Exercise prompt:
A word-for-word copy of the records is needed, with every picture left out.

-------- Records shown

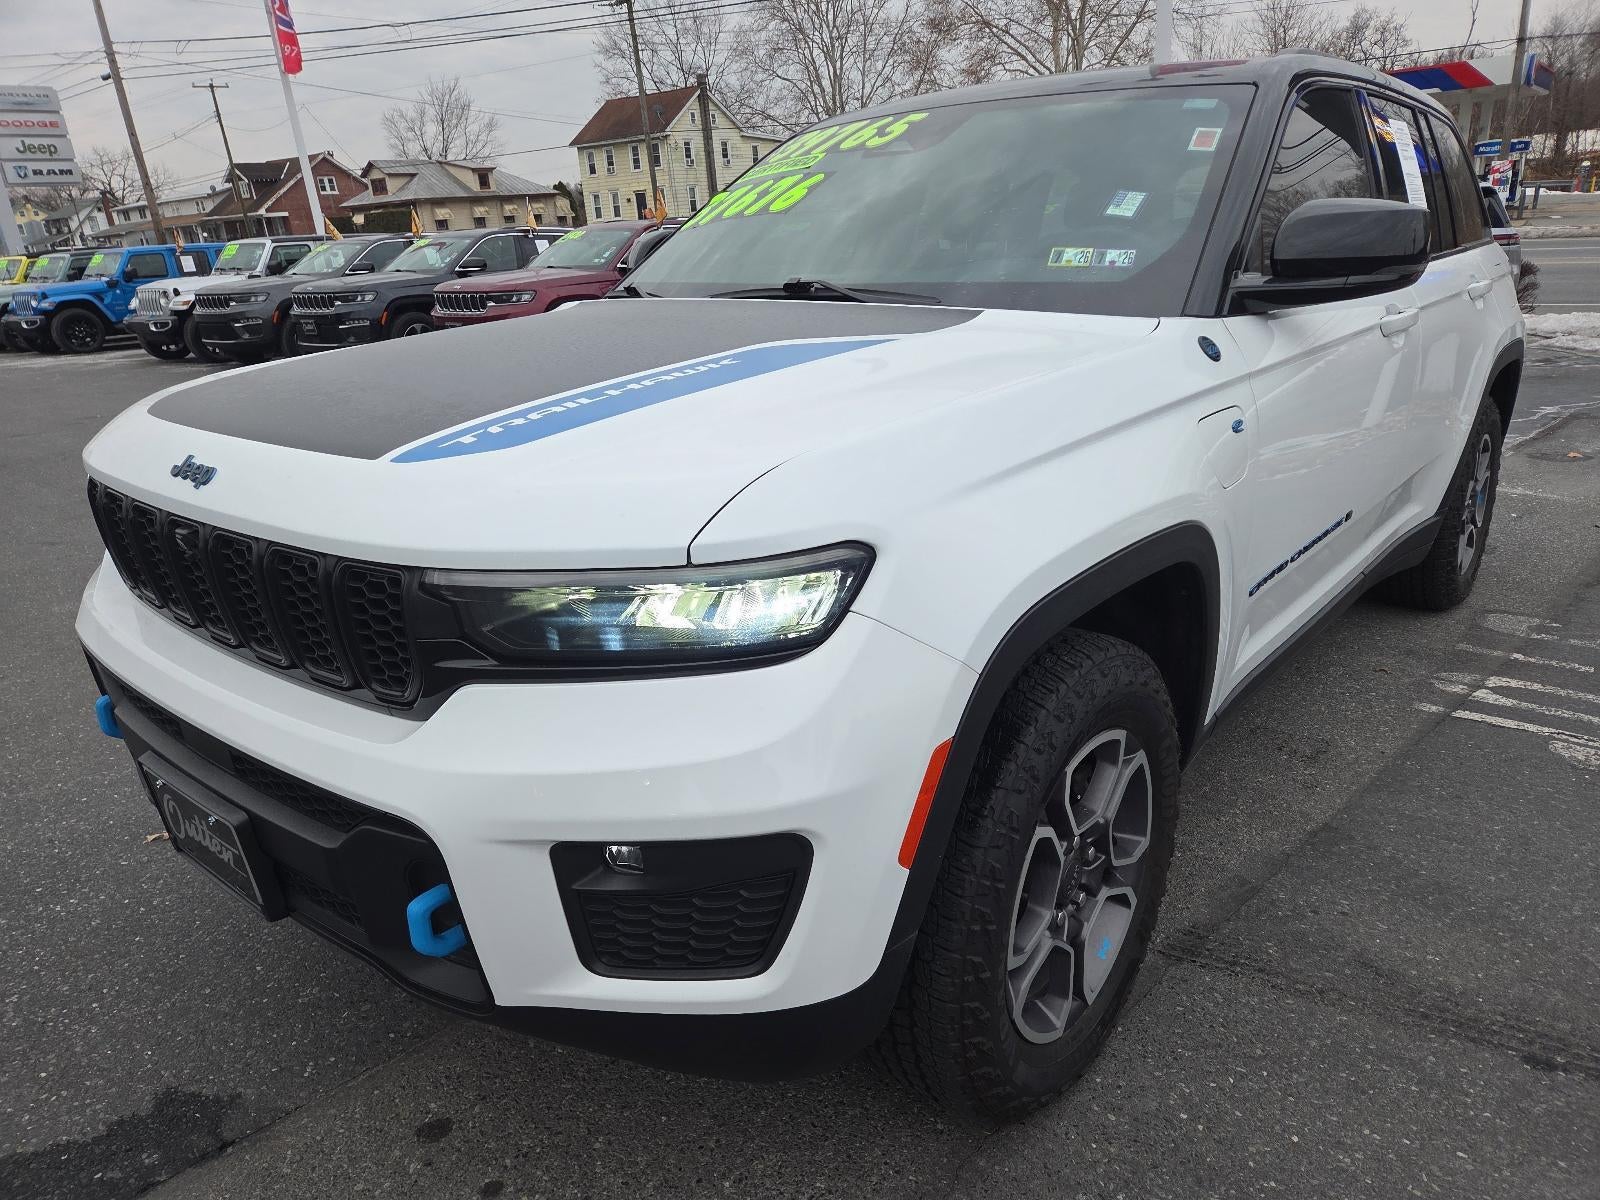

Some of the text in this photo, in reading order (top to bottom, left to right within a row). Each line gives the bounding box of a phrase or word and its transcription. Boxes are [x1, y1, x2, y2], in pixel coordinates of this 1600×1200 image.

[15, 139, 58, 157] Jeep
[31, 168, 74, 176] RAM
[1077, 250, 1091, 264] 26
[1121, 251, 1135, 265] 26
[437, 358, 740, 448] TRAILHAWK
[169, 454, 218, 490] Jeep
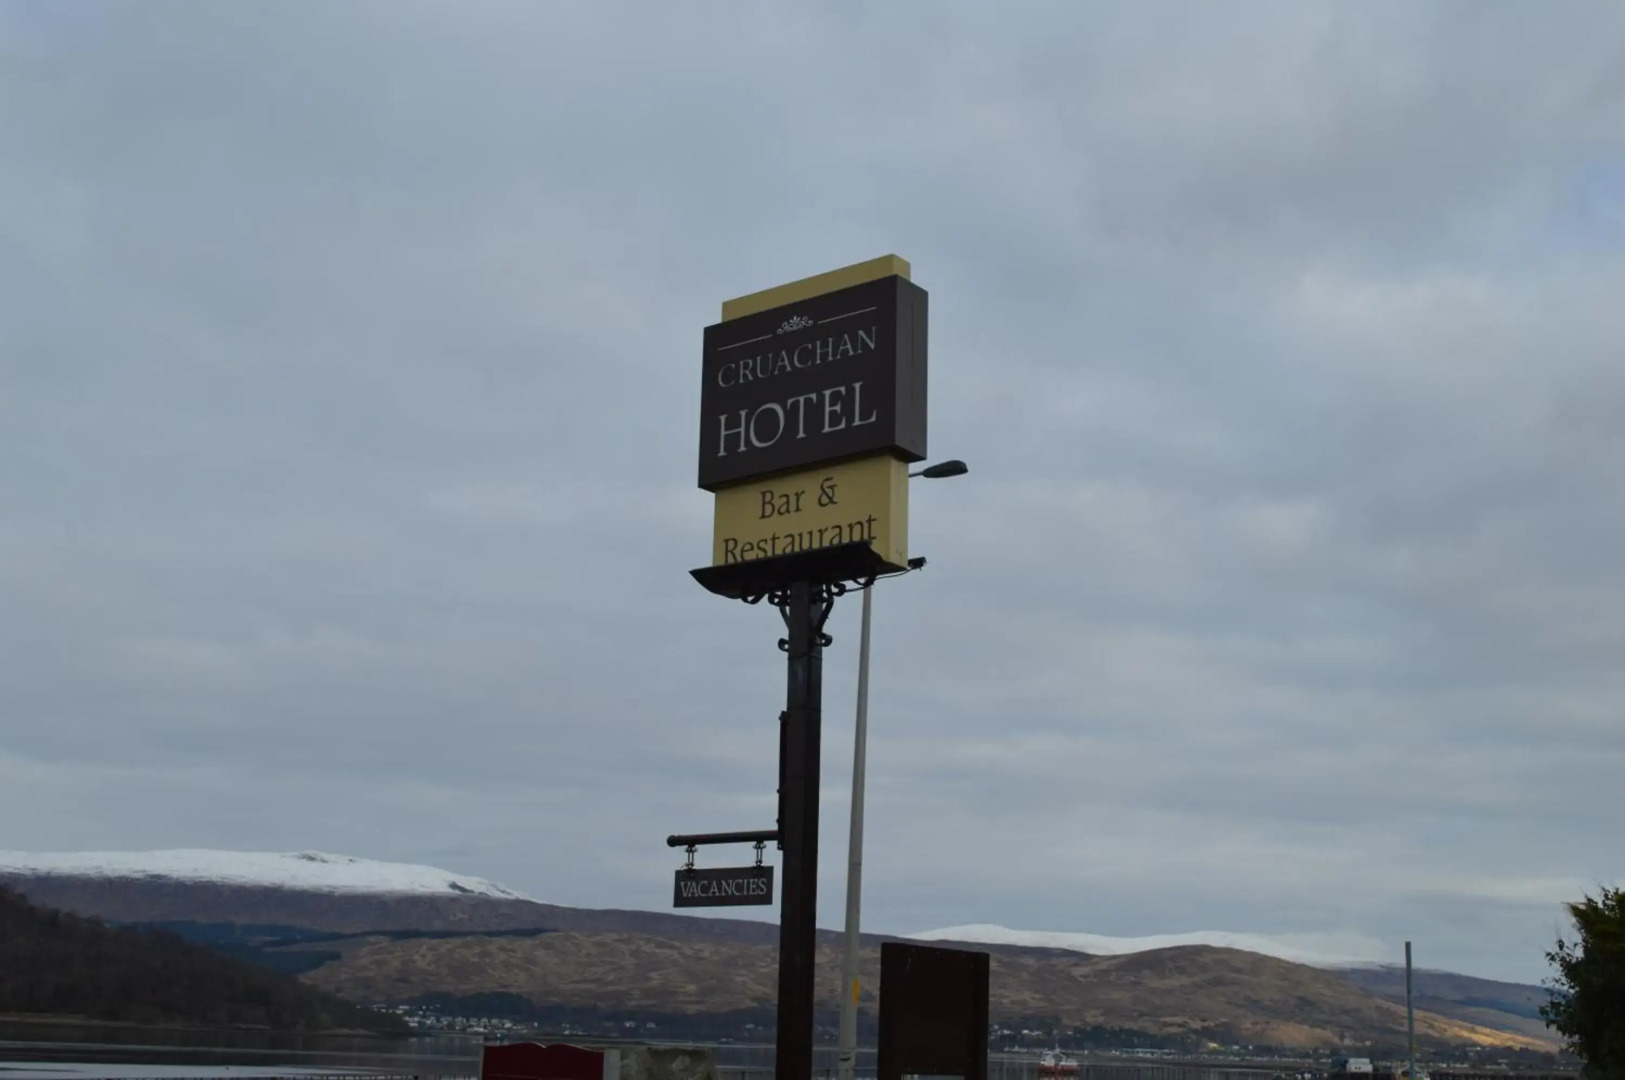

----------------

Solution for this problem:
Some of the text in this photo, in reading order (top to bottom, left to right within a row). Each line gives the bounding box of a phrase or word and its transcription. Boxes are [x1, y1, x2, y2], in pixel coordinates of this 1600×1200 image.

[15, 139, 58, 157] Jeep
[31, 168, 74, 176] RAM
[1077, 250, 1091, 264] 26
[1121, 251, 1135, 265] 26
[437, 358, 740, 448] TRAILHAWK
[169, 454, 218, 490] Jeep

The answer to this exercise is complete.